#### Data extracts

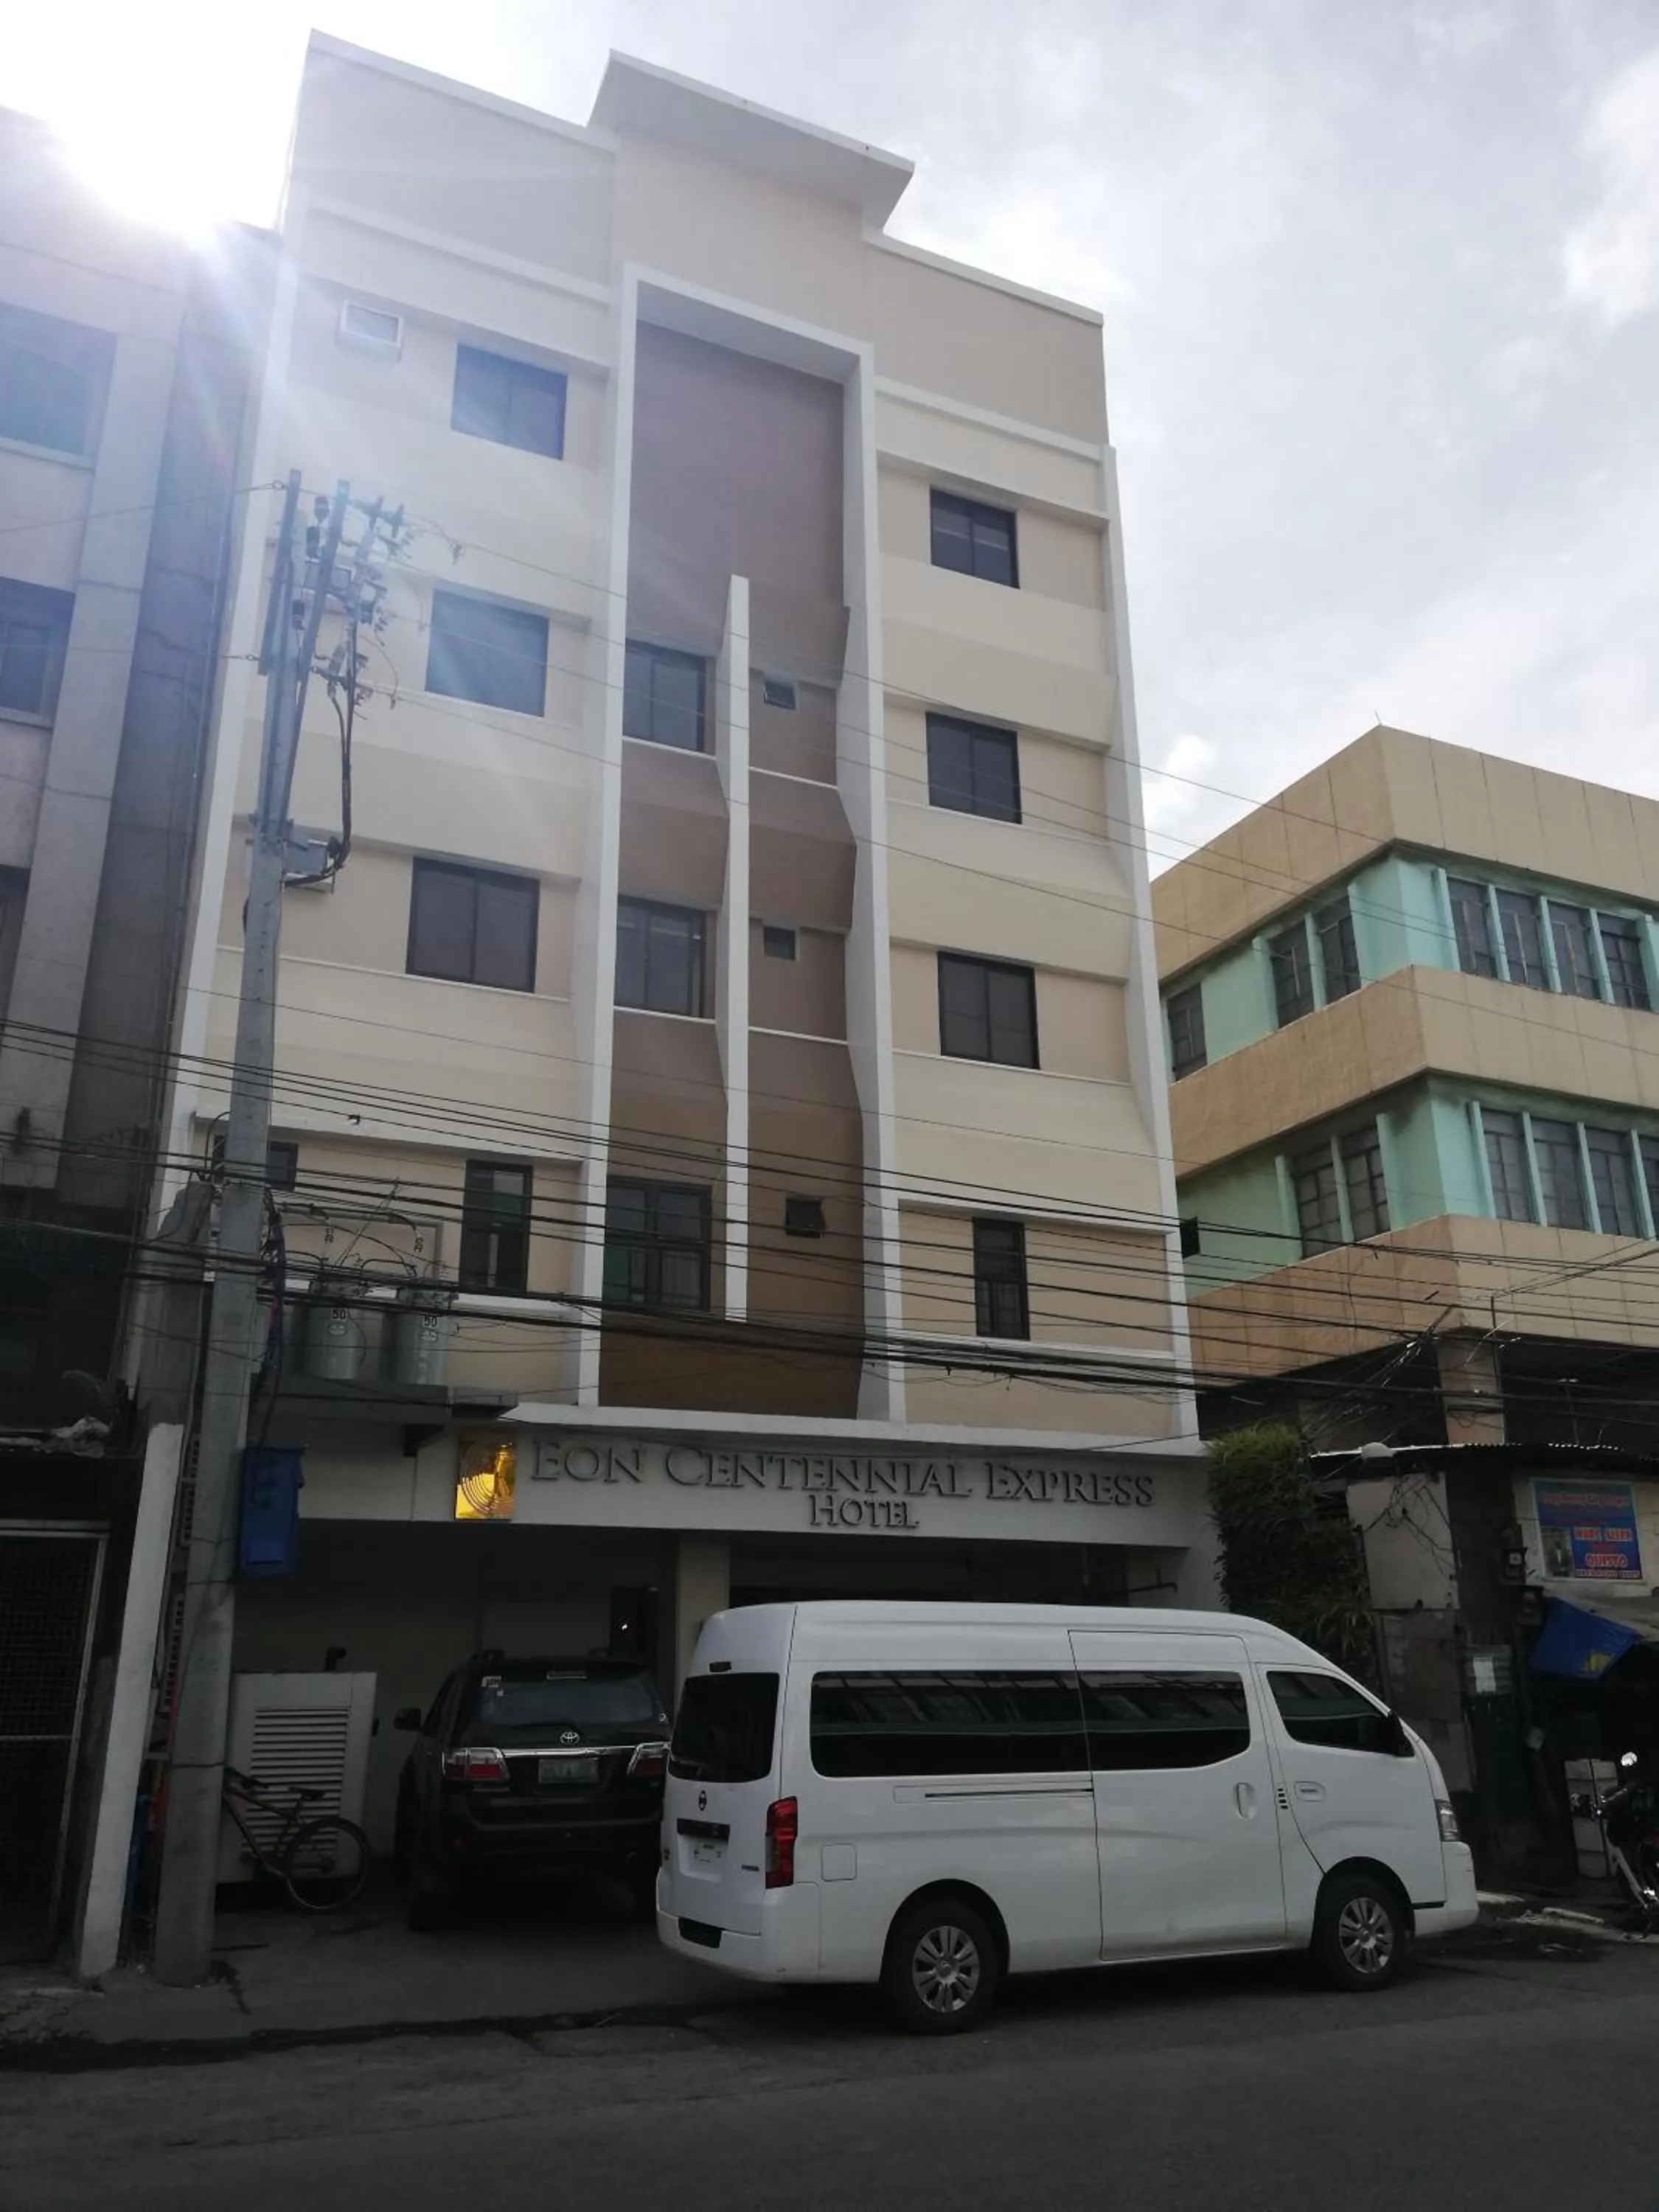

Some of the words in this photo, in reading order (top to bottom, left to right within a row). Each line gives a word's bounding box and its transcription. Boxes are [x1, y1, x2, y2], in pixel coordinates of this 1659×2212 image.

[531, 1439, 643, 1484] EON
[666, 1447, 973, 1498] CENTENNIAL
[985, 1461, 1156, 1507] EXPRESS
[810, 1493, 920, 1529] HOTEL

########

Work task:
None of the pictures should be carried over when the data above is transcribed exactly.

Reply to the task:
Some of the words in this photo, in reading order (top to bottom, left to right within a row). Each line gives a word's bounding box and its transcription. Boxes are [x1, y1, x2, y2], in pixel coordinates of this 1659×2212 image.

[531, 1439, 643, 1484] EON
[666, 1447, 973, 1498] CENTENNIAL
[985, 1461, 1156, 1507] EXPRESS
[810, 1493, 920, 1529] HOTEL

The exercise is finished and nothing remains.